Nowe kamery z AI wykrywają pijanych kierowców – W hrabstwach Devon i Cornwall w Wielkiej Brytanii ruszył pilotażowy program wykorzystujący kamery z systemem sztucznej inteligencji (AI), które mają pomagać w wyłapywaniu kierowców pod wpływem alkoholu i narkotyków. Innowacyjna technologia opracowana przez australijską firmę Acusensus była już wcześniej wykorzystywana do identyfikacji kierowców używających telefonów podczas jazdy oraz osób, które nie zapinają pasów bezpieczeństwa. Teraz jej zastosowanie rozszerzono, aby jeszcze skuteczniej zapobiegać wypadkom spowodowanym przez nietrzeźwych kierowców. Oto, jak działa nowy system.
Nowe kamery z AI wykrywają pijanych kierowców
Kamery AI analizują obraz przejeżdżających pojazdów za pomocą zaawansowanych algorytmów, które działają w chmurze – informuje Daily Mail. System szuka oznak wskazujących, że kierowca może być pod wpływem alkoholu lub narkotyków. W przypadku podejrzenia, oprogramowanie natychmiast powiadamia funkcjonariuszy rozmieszczonych w pobliżu. Policjanci zatrzymują podejrzany pojazd i przeprowadzają test trzeźwości. Dzięki tej technologii możliwe jest szybkie i skuteczne wykrywanie potencjalnych zagrożeń na drodze, zanim doprowadzą one do tragedii.
Kamery można łatwo przenosić w różne miejsca, co utrudnia kierowcom unikanie kontroli.

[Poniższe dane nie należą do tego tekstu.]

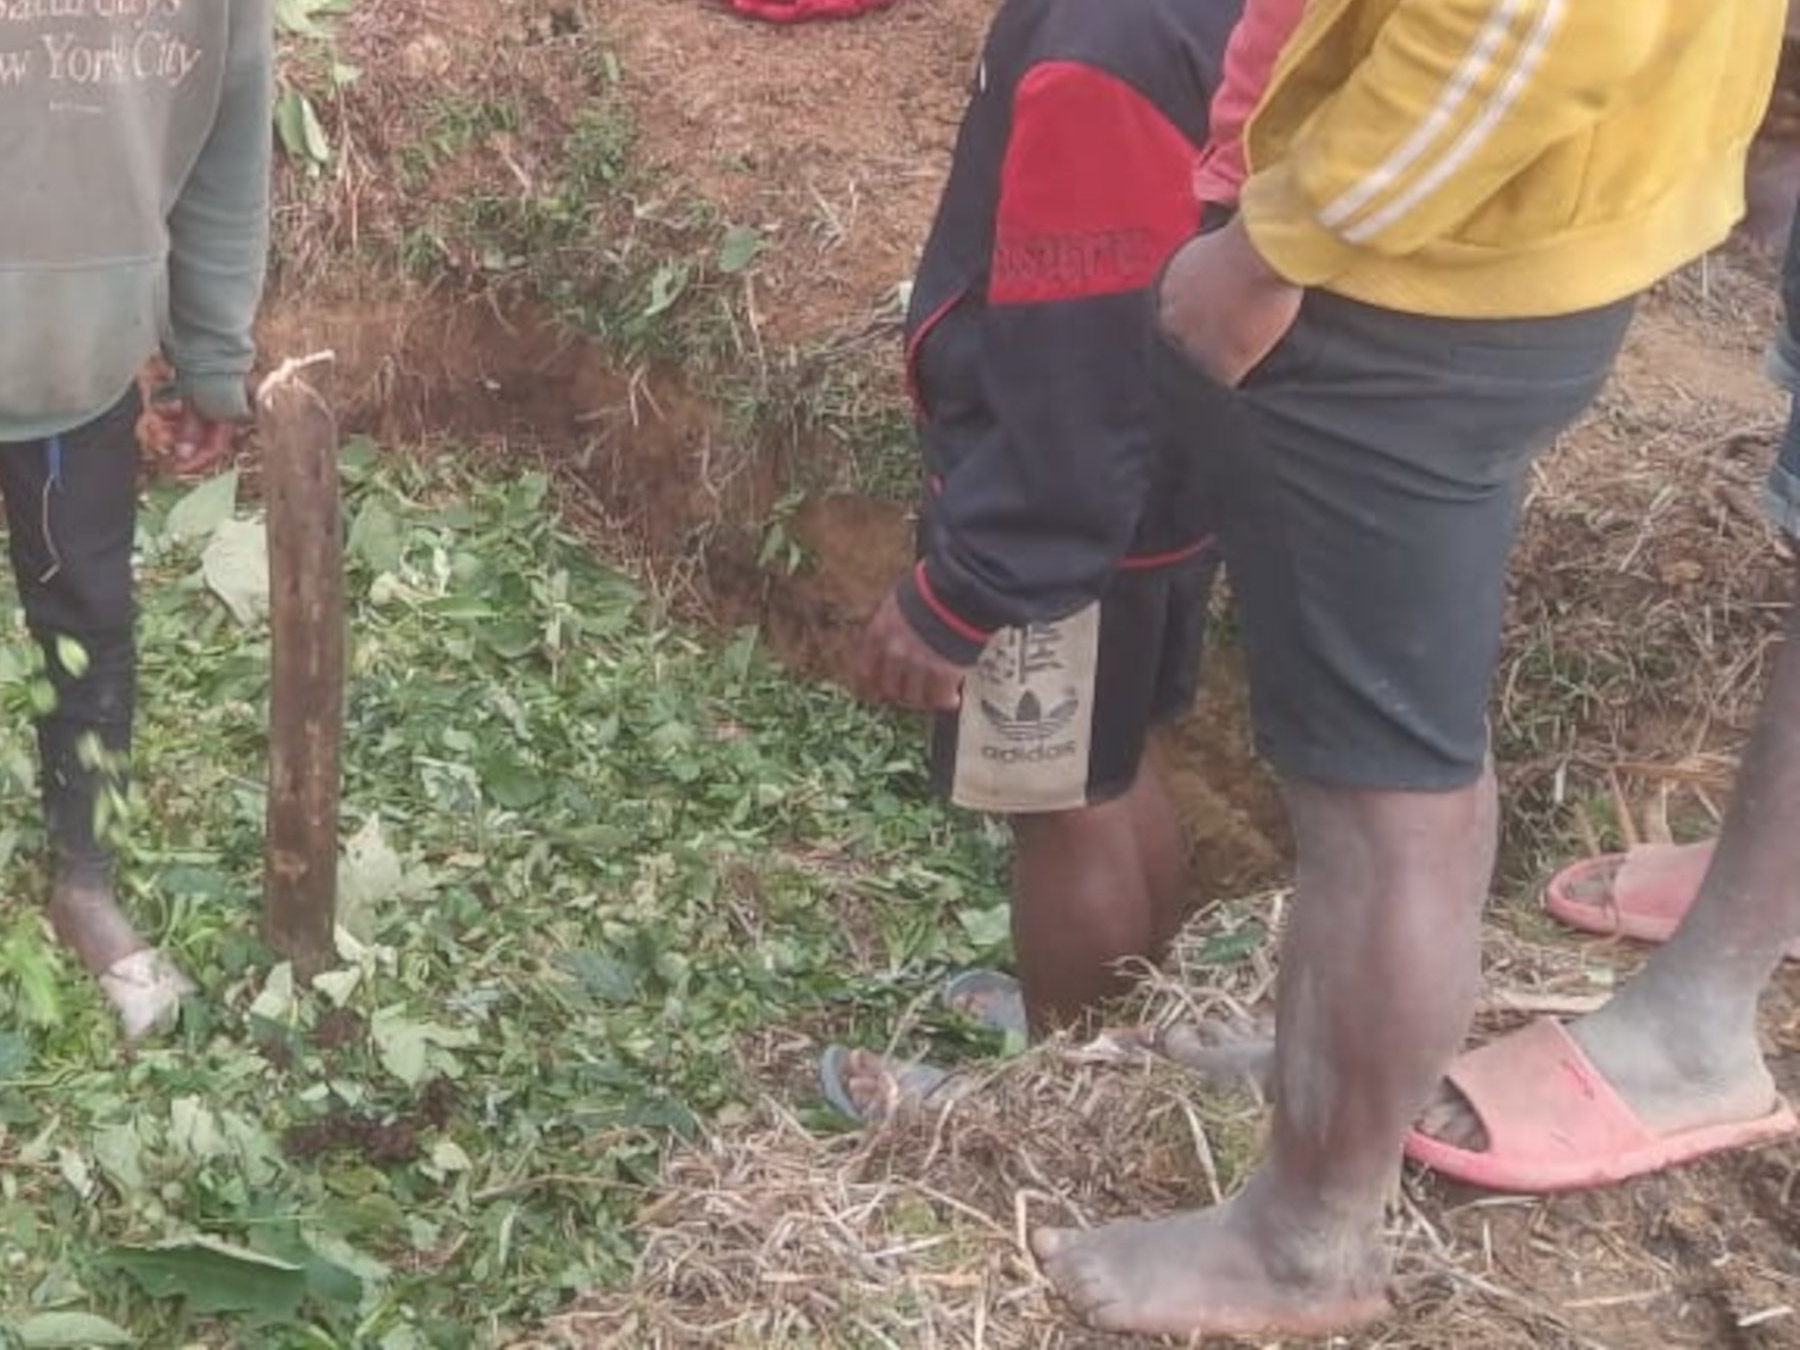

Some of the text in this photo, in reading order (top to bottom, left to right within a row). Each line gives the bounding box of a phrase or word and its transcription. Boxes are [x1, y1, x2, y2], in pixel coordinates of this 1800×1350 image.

[38, 32, 125, 83] York
[132, 29, 201, 88] City
[979, 734, 1078, 763] adidas
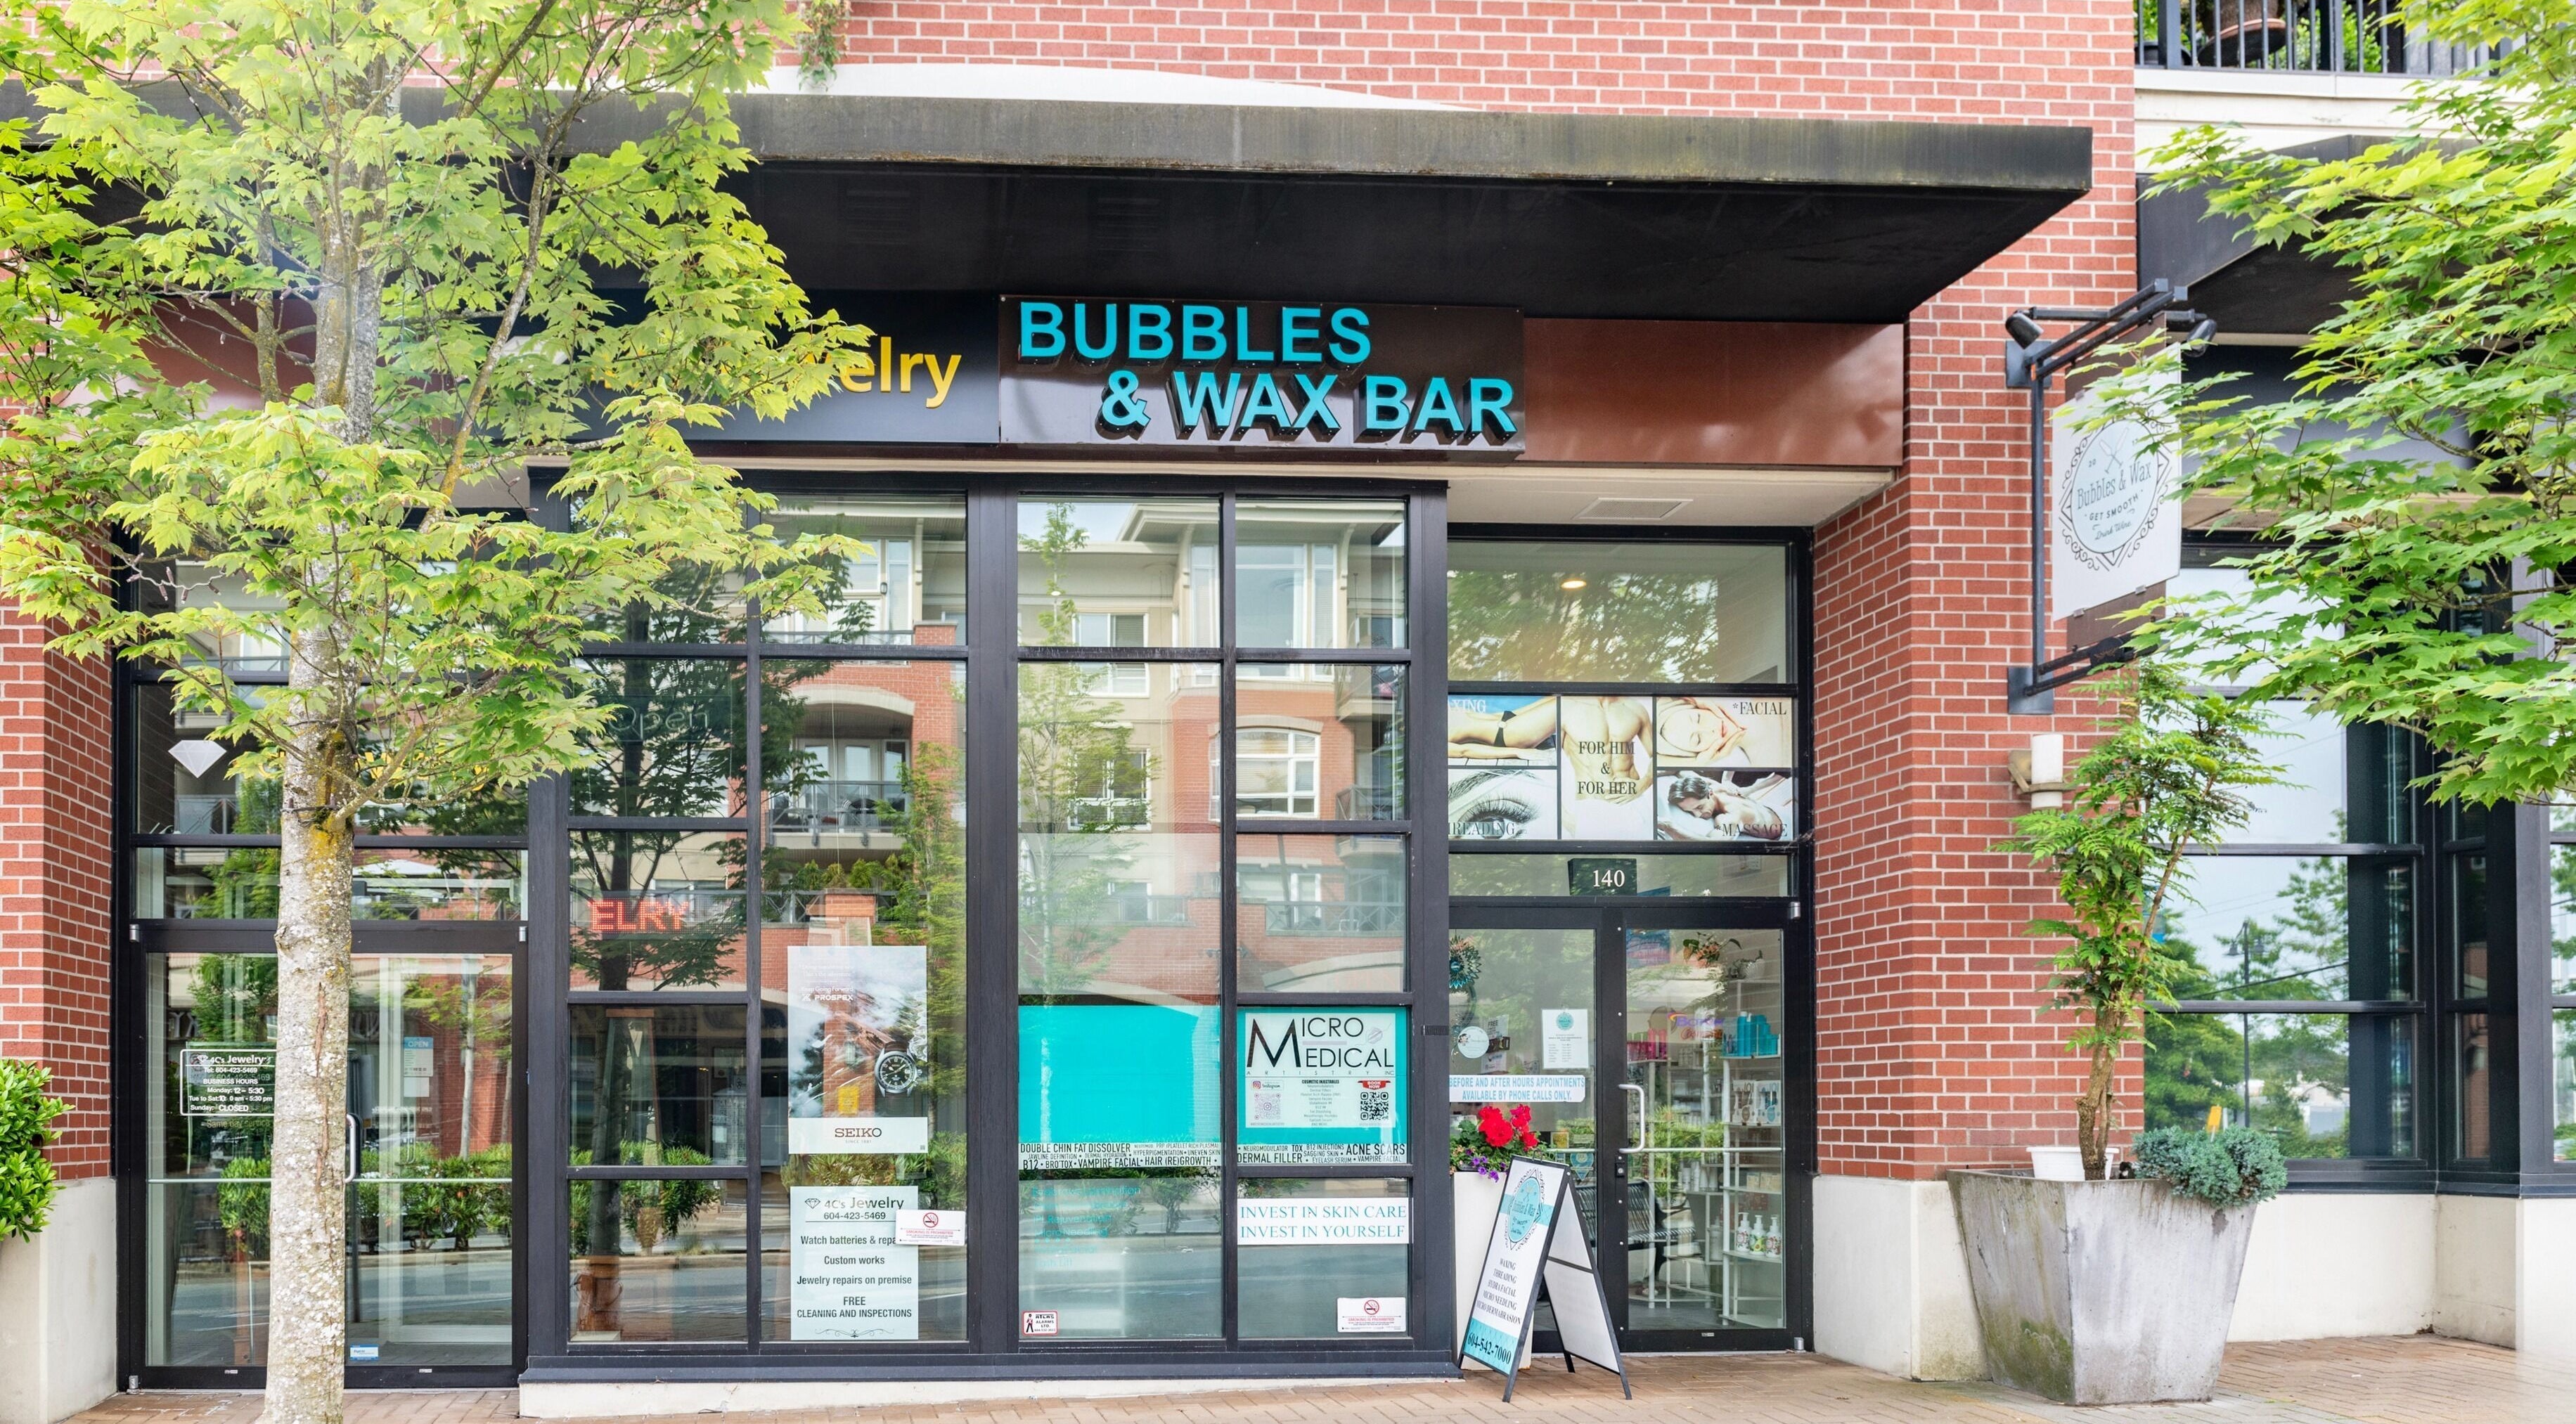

Kameru z AI są niezwykle skuteczne
Według danych brytyjskiej policji, kierowcy pod wpływem alkoholu mają sześciokrotnie większe ryzyko udziału w śmiertelnym wypadku. Geoff Collins z firmy Acusensus podkreśla, że zastosowanie tej technologii to krok milowy w zapobieganiu tragediom drogowym. „Jesteśmy dumni, że możemy prowadzić pierwsze na świecie testy tej technologii właśnie tutaj, w Devon i Cornwall. Im wcześniej wykryjemy zagrożenie, tym większa szansa, że unikniemy zdarzeń, które mogą zrujnować życie wielu ludzi” – mówi Collins. Przeczytaj również: Bat na kierowców. Nowoczesne fotoradary ze sztuczną inteligencją kontrolują nie tylko prędkość
AI kamery już wcześniej udowodniły swoją skuteczność. W lipcu 2023 roku urządzenia na drodze A30 w pobliżu Launceston w Devon wykryły 117 kierowców używających telefonów oraz 130 osób bez zapiętych pasów bezpieczeństwa w ciągu zaledwie 72 godzin. Podobnie w Hampshire i dolinie Tamizy, gdzie w ciągu tygodnia odnotowano niemal 500 naruszeń przepisów, w tym jazdę pod wpływem środków odurzających, brak zapiętych pasów oraz używanie telefonów podczas jazdy.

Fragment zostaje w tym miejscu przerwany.